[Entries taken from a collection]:

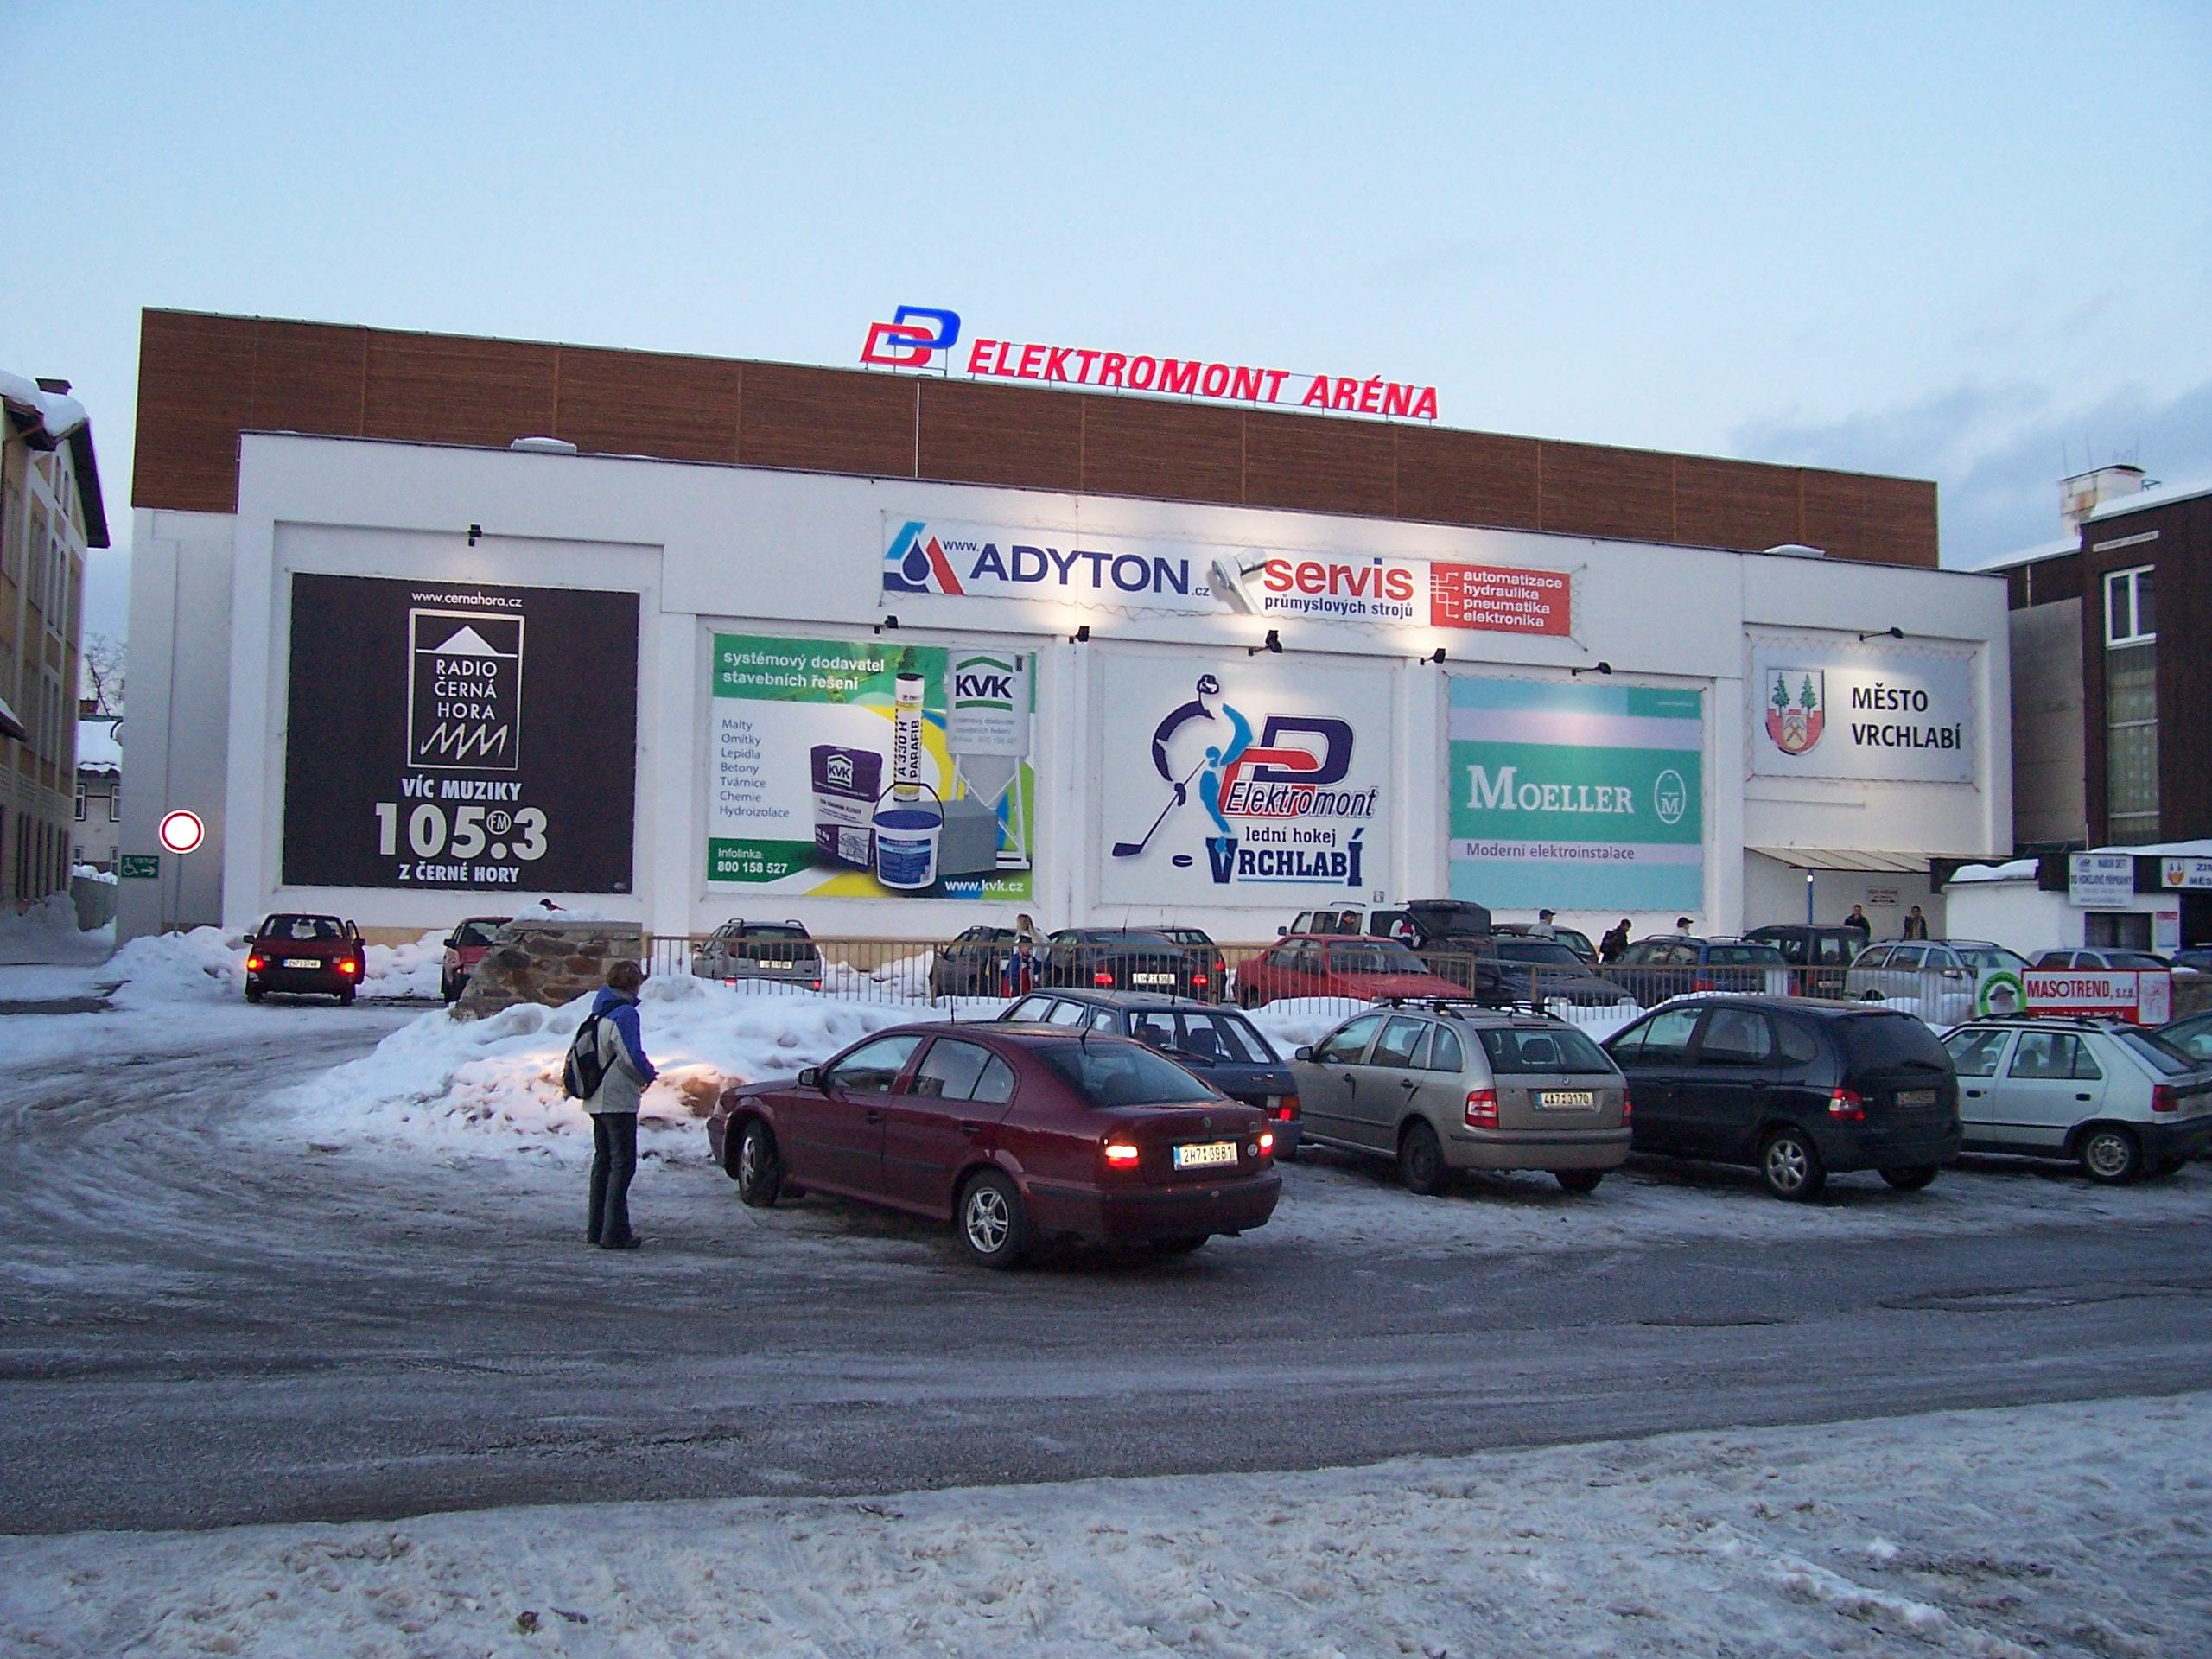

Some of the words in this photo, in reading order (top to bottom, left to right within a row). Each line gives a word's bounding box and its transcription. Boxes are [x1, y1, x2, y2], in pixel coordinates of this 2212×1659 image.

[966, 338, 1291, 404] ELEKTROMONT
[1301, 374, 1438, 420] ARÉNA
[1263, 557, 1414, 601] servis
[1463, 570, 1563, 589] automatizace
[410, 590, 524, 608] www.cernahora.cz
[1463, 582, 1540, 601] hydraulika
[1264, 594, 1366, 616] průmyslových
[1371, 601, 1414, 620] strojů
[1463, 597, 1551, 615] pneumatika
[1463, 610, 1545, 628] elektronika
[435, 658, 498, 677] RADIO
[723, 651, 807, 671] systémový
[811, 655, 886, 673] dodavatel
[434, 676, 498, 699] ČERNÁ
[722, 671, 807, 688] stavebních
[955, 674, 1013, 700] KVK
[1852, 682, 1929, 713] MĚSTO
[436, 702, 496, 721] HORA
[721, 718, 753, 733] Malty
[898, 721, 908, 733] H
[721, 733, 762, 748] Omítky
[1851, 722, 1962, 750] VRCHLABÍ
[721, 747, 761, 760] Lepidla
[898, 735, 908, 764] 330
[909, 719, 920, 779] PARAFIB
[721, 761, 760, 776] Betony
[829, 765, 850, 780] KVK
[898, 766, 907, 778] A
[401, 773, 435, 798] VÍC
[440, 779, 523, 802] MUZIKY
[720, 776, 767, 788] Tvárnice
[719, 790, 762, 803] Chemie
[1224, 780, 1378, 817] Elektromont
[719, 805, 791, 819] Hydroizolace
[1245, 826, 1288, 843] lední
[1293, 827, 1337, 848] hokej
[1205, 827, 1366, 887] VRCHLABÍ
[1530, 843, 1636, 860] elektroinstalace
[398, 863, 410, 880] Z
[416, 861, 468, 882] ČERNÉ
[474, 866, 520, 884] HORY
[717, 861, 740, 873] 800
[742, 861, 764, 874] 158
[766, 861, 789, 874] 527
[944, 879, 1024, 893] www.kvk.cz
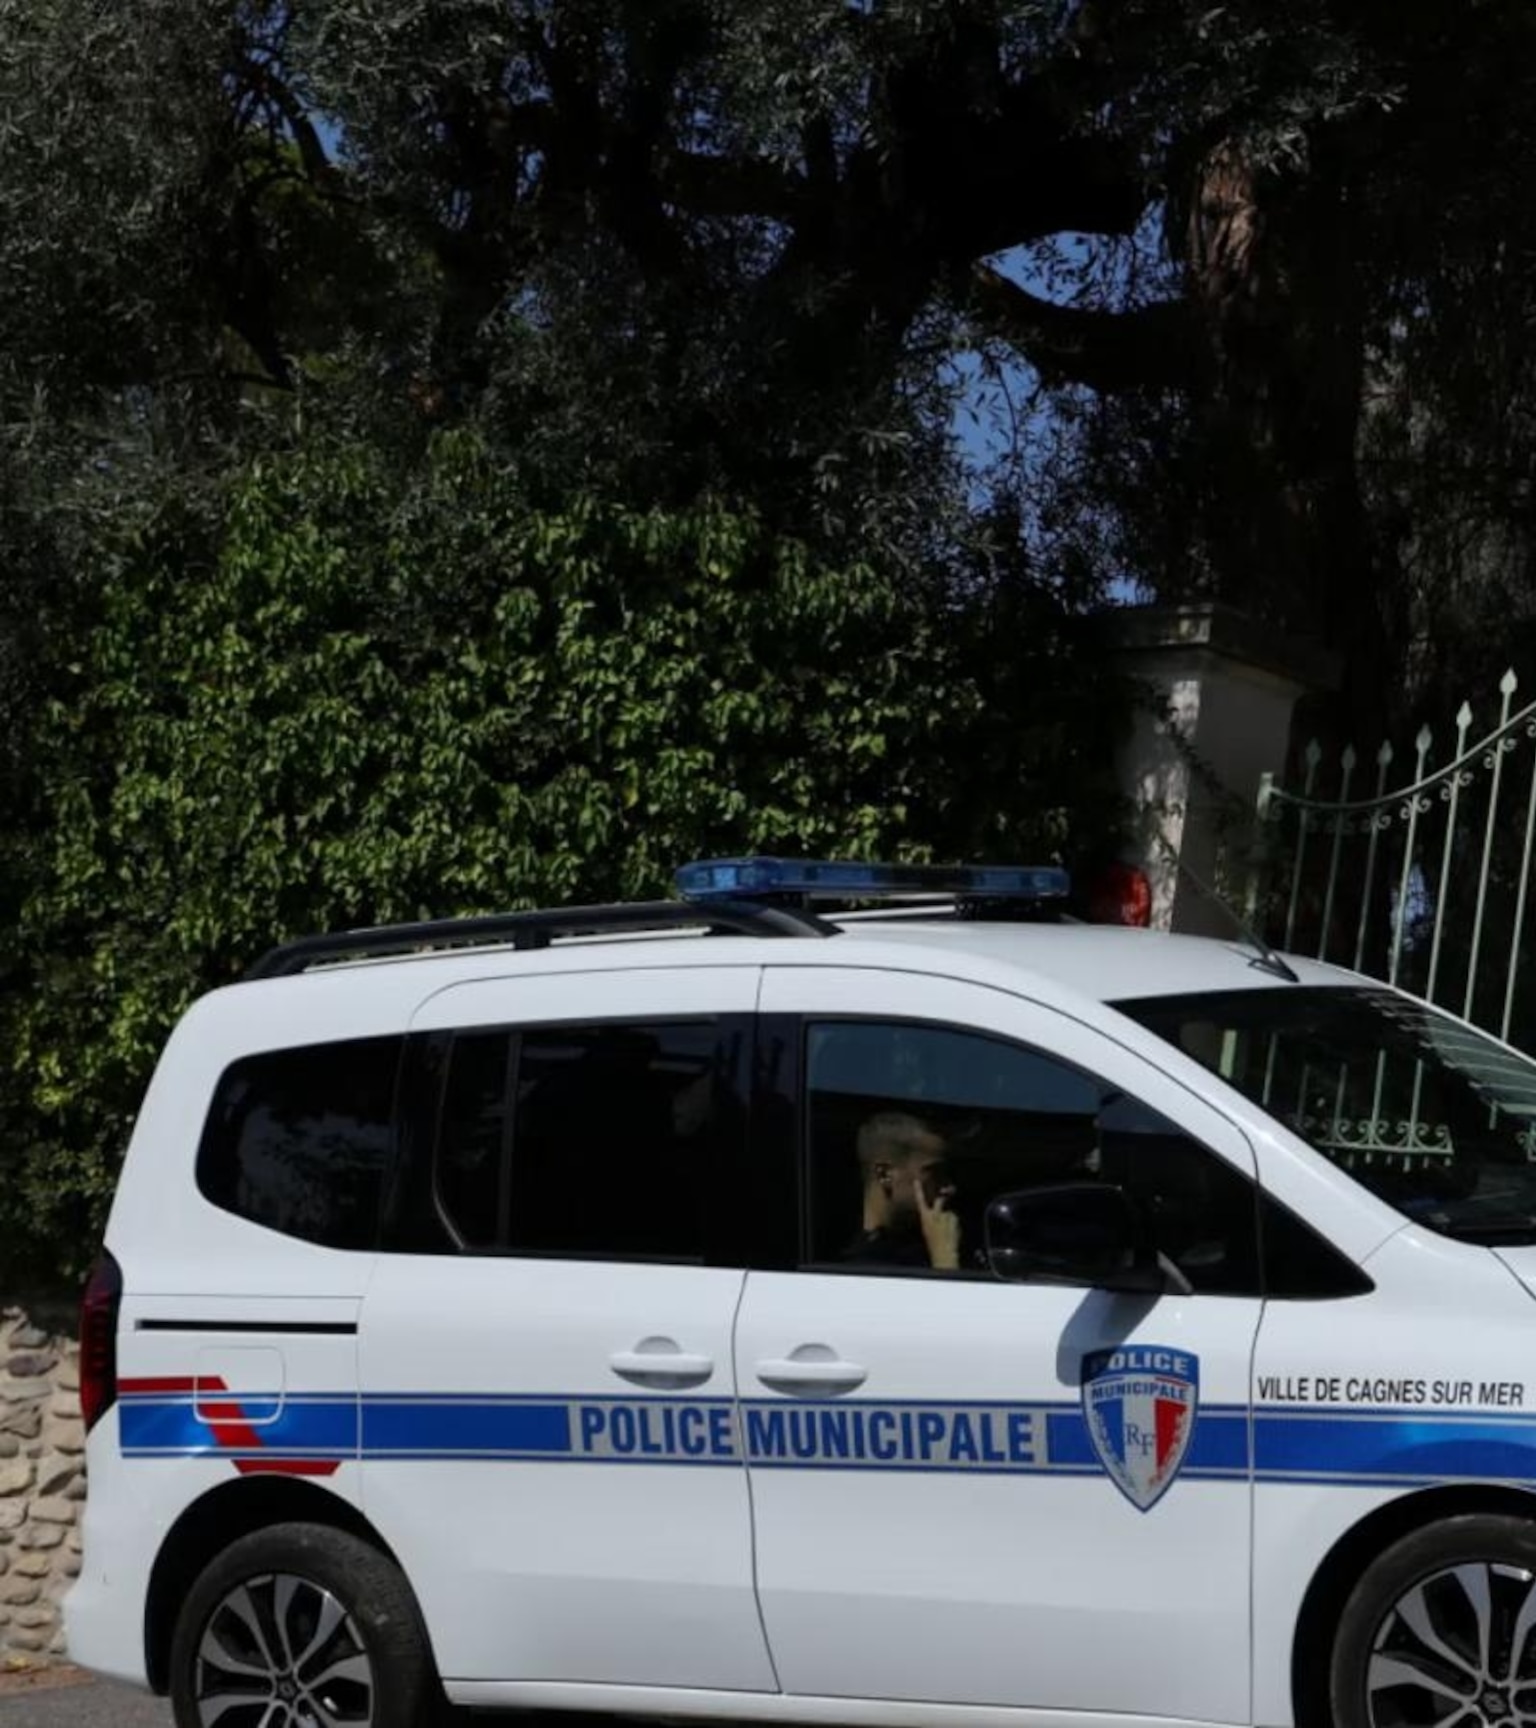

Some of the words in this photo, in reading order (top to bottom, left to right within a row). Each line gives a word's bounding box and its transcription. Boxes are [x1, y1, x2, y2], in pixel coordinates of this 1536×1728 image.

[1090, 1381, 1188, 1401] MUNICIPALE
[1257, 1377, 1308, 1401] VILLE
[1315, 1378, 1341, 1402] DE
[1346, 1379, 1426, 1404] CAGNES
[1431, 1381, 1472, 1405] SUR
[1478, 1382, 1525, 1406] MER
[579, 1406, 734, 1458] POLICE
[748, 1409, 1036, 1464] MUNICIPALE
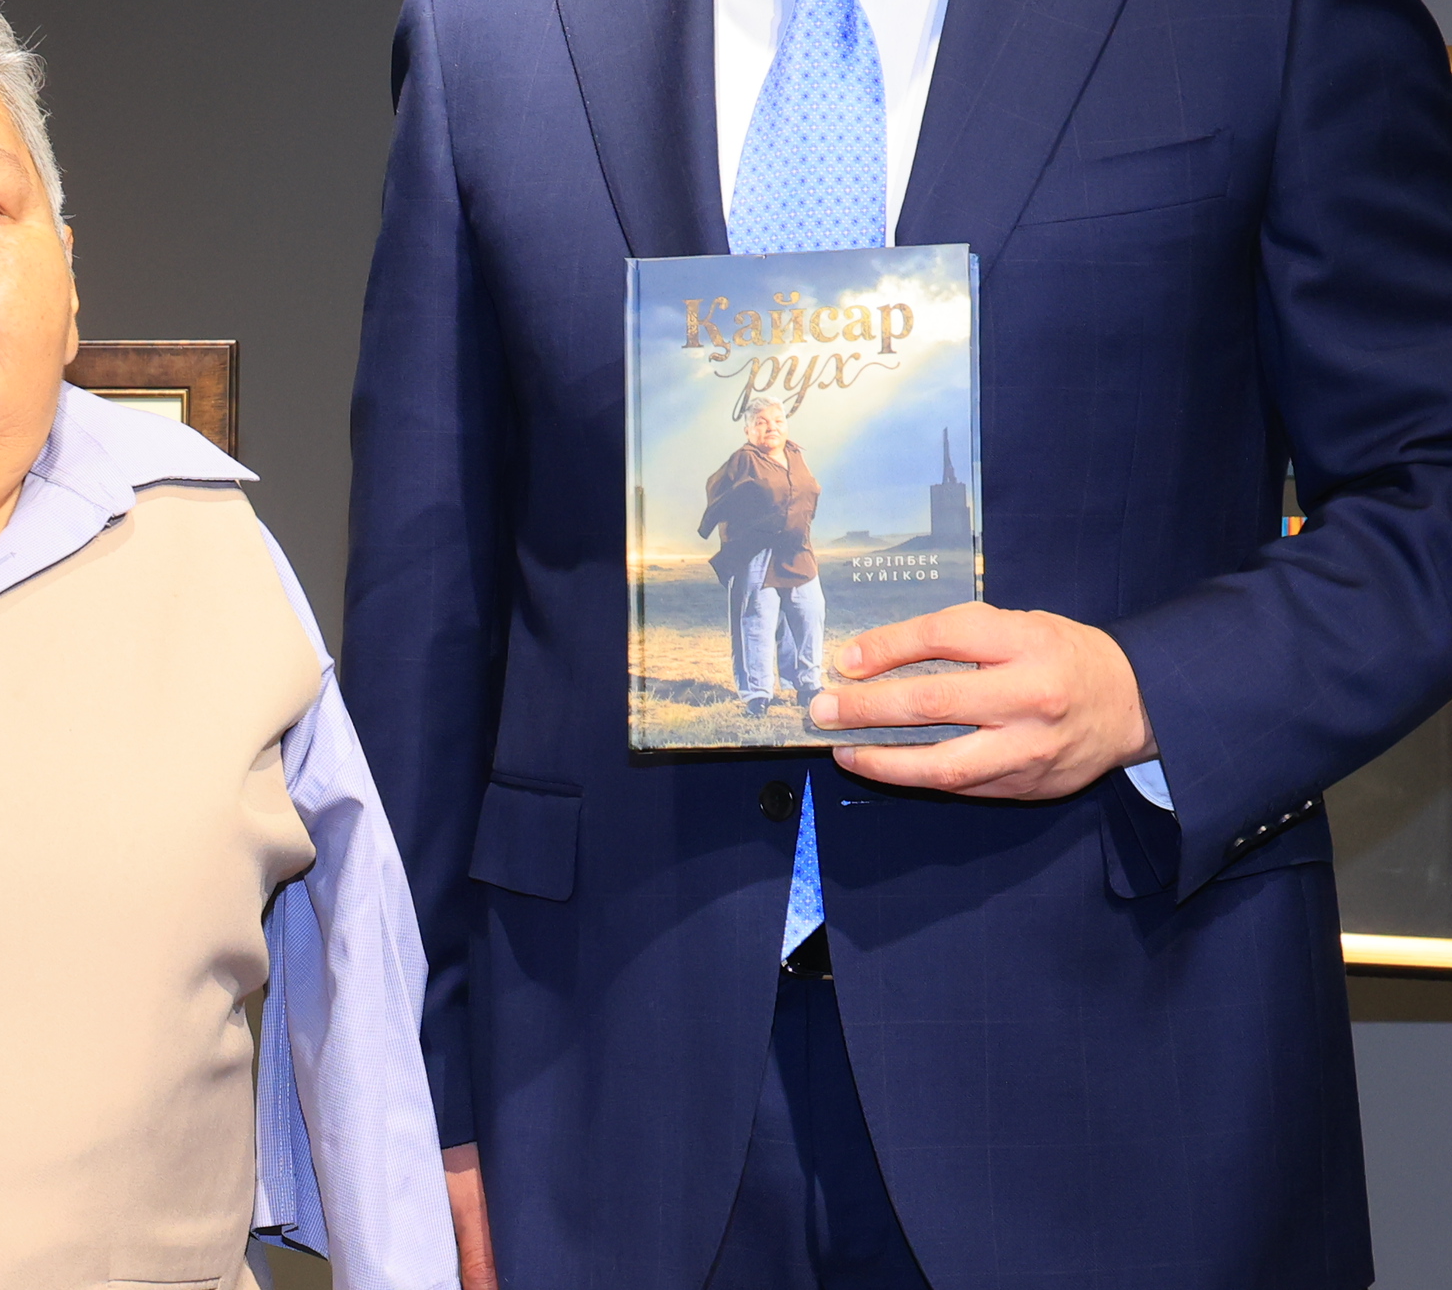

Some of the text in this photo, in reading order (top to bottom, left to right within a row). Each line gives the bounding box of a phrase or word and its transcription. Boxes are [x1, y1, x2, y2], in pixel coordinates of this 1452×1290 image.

[DIRECTIONS FOR THIS TASK]: Apart from its pictures, the data is to be repeated exactly.

[SOLVED PROBLEM]:
Some of the words in this photo, in reading order (top to bottom, left to right within a row). Each line gives a word's bounding box and its transcription. Boxes are [x1, y1, x2, y2], in pixel coordinates of this 2212×1659 image.

[966, 338, 1291, 404] ELEKTROMONT
[1301, 374, 1438, 420] ARÉNA
[1263, 557, 1414, 601] servis
[1463, 570, 1563, 589] automatizace
[410, 590, 524, 608] www.cernahora.cz
[1463, 582, 1540, 601] hydraulika
[1264, 594, 1366, 616] průmyslových
[1371, 601, 1414, 620] strojů
[1463, 597, 1551, 615] pneumatika
[1463, 610, 1545, 628] elektronika
[435, 658, 498, 677] RADIO
[723, 651, 807, 671] systémový
[811, 655, 886, 673] dodavatel
[434, 676, 498, 699] ČERNÁ
[722, 671, 807, 688] stavebních
[955, 674, 1013, 700] KVK
[1852, 682, 1929, 713] MĚSTO
[436, 702, 496, 721] HORA
[721, 718, 753, 733] Malty
[898, 721, 908, 733] H
[721, 733, 762, 748] Omítky
[1851, 722, 1962, 750] VRCHLABÍ
[721, 747, 761, 760] Lepidla
[898, 735, 908, 764] 330
[909, 719, 920, 779] PARAFIB
[721, 761, 760, 776] Betony
[829, 765, 850, 780] KVK
[898, 766, 907, 778] A
[401, 773, 435, 798] VÍC
[440, 779, 523, 802] MUZIKY
[720, 776, 767, 788] Tvárnice
[719, 790, 762, 803] Chemie
[1224, 780, 1378, 817] Elektromont
[719, 805, 791, 819] Hydroizolace
[1245, 826, 1288, 843] lední
[1293, 827, 1337, 848] hokej
[1205, 827, 1366, 887] VRCHLABÍ
[1530, 843, 1636, 860] elektroinstalace
[398, 863, 410, 880] Z
[416, 861, 468, 882] ČERNÉ
[474, 866, 520, 884] HORY
[717, 861, 740, 873] 800
[742, 861, 764, 874] 158
[766, 861, 789, 874] 527
[944, 879, 1024, 893] www.kvk.cz

Some of the words in this photo, in reading order (top to bottom, left to right within a row). Each line gives a word's bounding box and its transcription. Boxes are [x1, y1, x2, y2], in pixel coordinates of this 1536×1728 image.

[1090, 1381, 1188, 1401] MUNICIPALE
[1257, 1377, 1308, 1401] VILLE
[1315, 1378, 1341, 1402] DE
[1346, 1379, 1426, 1404] CAGNES
[1431, 1381, 1472, 1405] SUR
[1478, 1382, 1525, 1406] MER
[579, 1406, 734, 1458] POLICE
[748, 1409, 1036, 1464] MUNICIPALE

Some of the text in this photo, in reading order (top to bottom, left to right within a row). Each line gives the bounding box of a phrase or word and its transcription. Boxes are [x1, y1, x2, y2], in pixel coordinates of this 1452×1290 image.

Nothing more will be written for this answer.